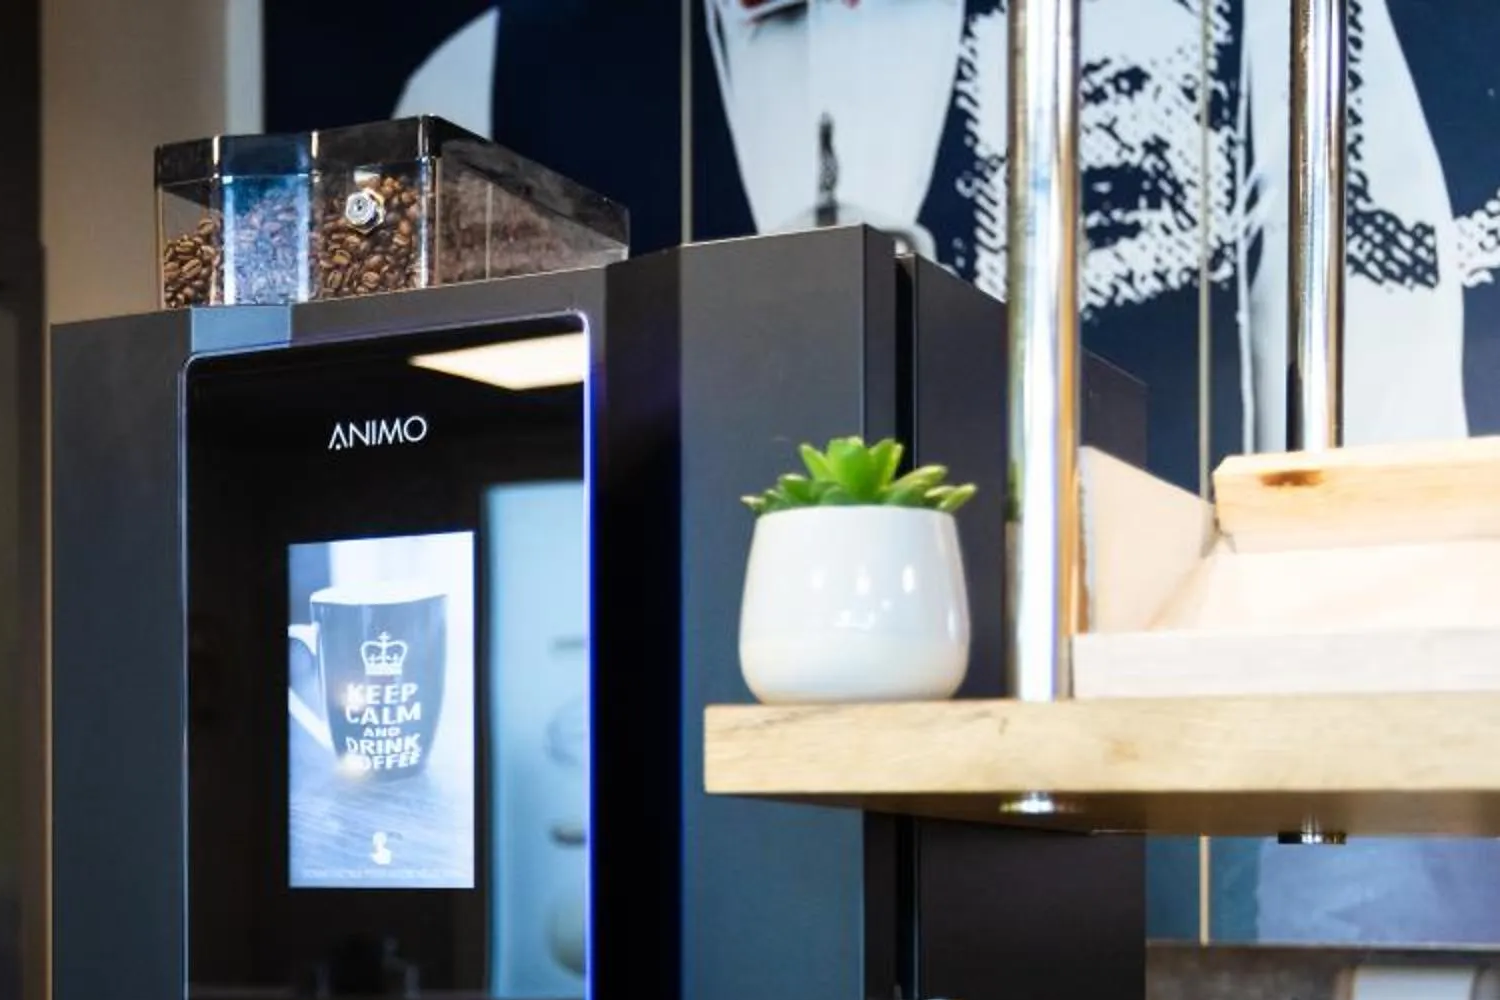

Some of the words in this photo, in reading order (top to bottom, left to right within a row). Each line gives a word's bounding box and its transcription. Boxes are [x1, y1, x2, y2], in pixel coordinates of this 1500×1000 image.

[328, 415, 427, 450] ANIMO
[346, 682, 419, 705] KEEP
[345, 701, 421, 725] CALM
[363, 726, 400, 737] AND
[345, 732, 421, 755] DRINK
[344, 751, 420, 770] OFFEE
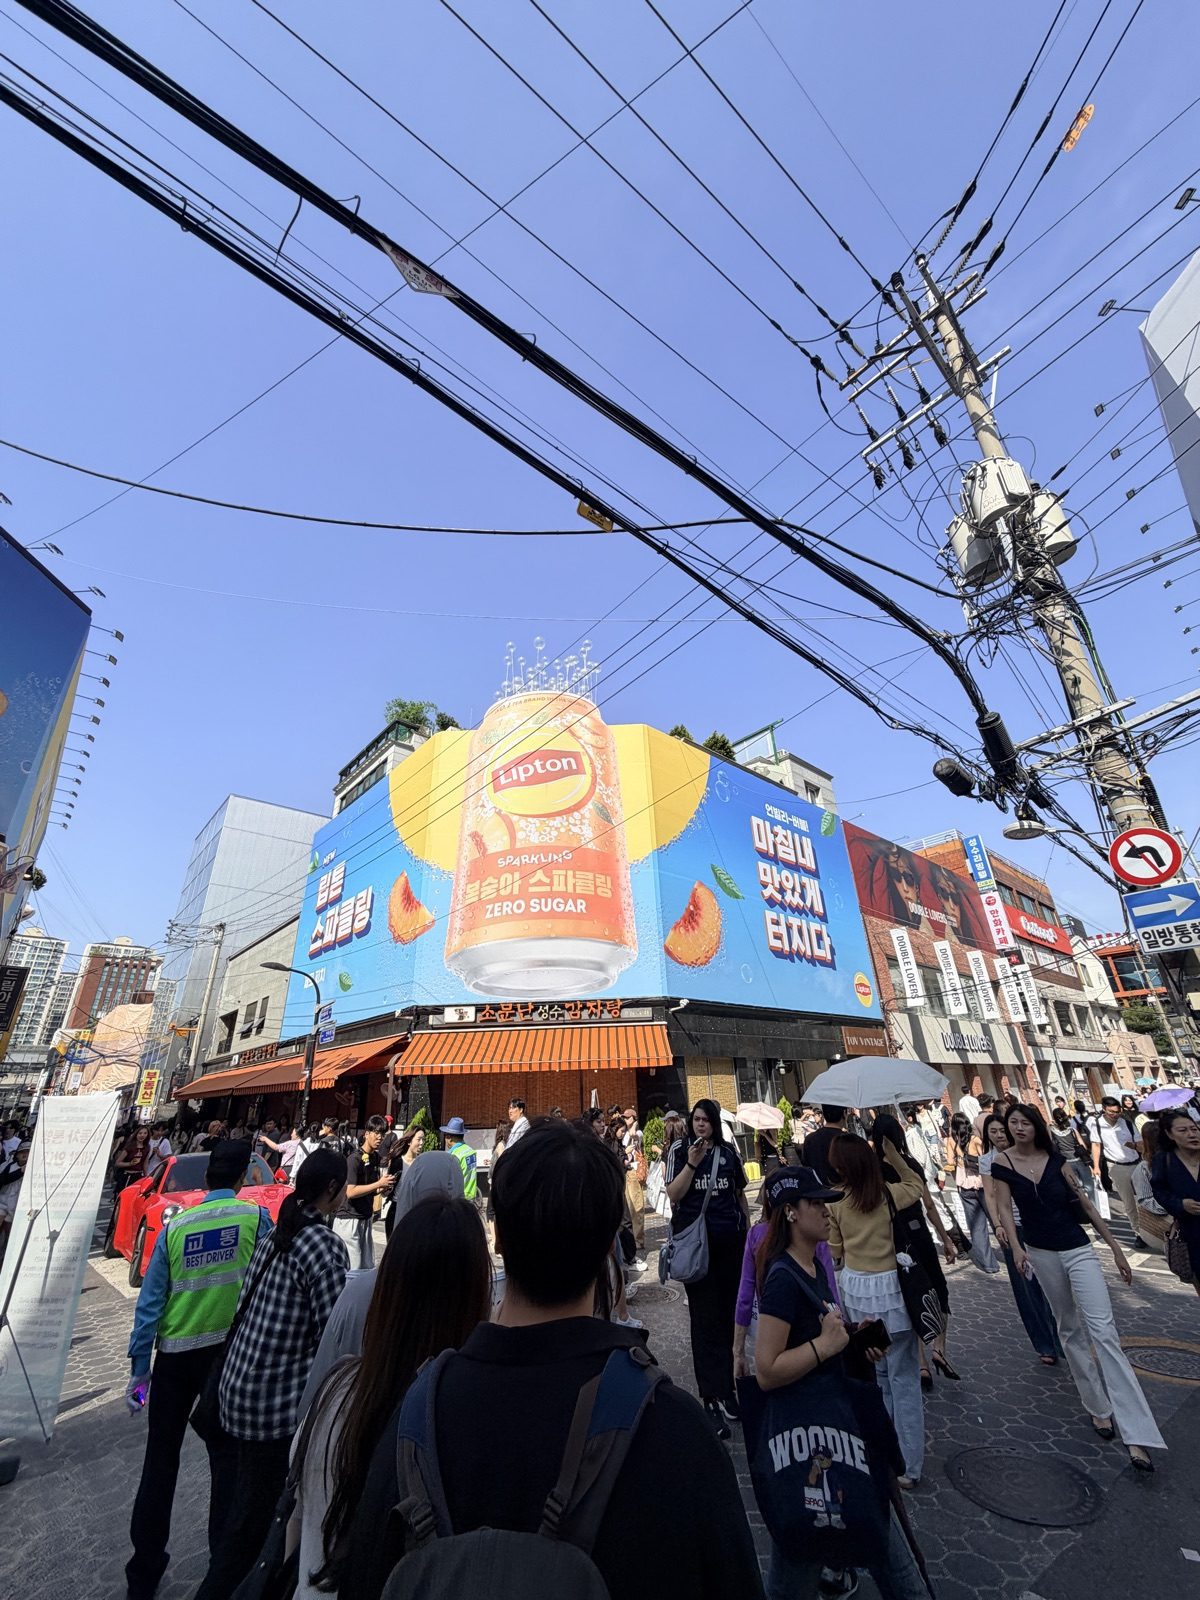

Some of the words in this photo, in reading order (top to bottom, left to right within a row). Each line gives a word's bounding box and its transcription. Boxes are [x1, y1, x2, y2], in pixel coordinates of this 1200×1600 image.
========
* _What to do_
All of the material above goes into the copy exactly as is; the pictures do not.

* _Solution to the exercise_
Some of the words in this photo, in reading order (top to bottom, left to right within a row). Each line gives a word's bounding box and its transcription. Boxes are [x1, y1, x2, y2], in pixel coordinates of this 1500×1000 image.

[328, 415, 427, 450] ANIMO
[346, 682, 419, 705] KEEP
[345, 701, 421, 725] CALM
[363, 726, 400, 737] AND
[345, 732, 421, 755] DRINK
[344, 751, 420, 770] OFFEE

Some of the words in this photo, in reading order (top to bottom, left to right within a row). Each line gives a word's bounding box and its transcription. Boxes are [x1, y1, x2, y2], in pixel coordinates of this 1200×1600 image.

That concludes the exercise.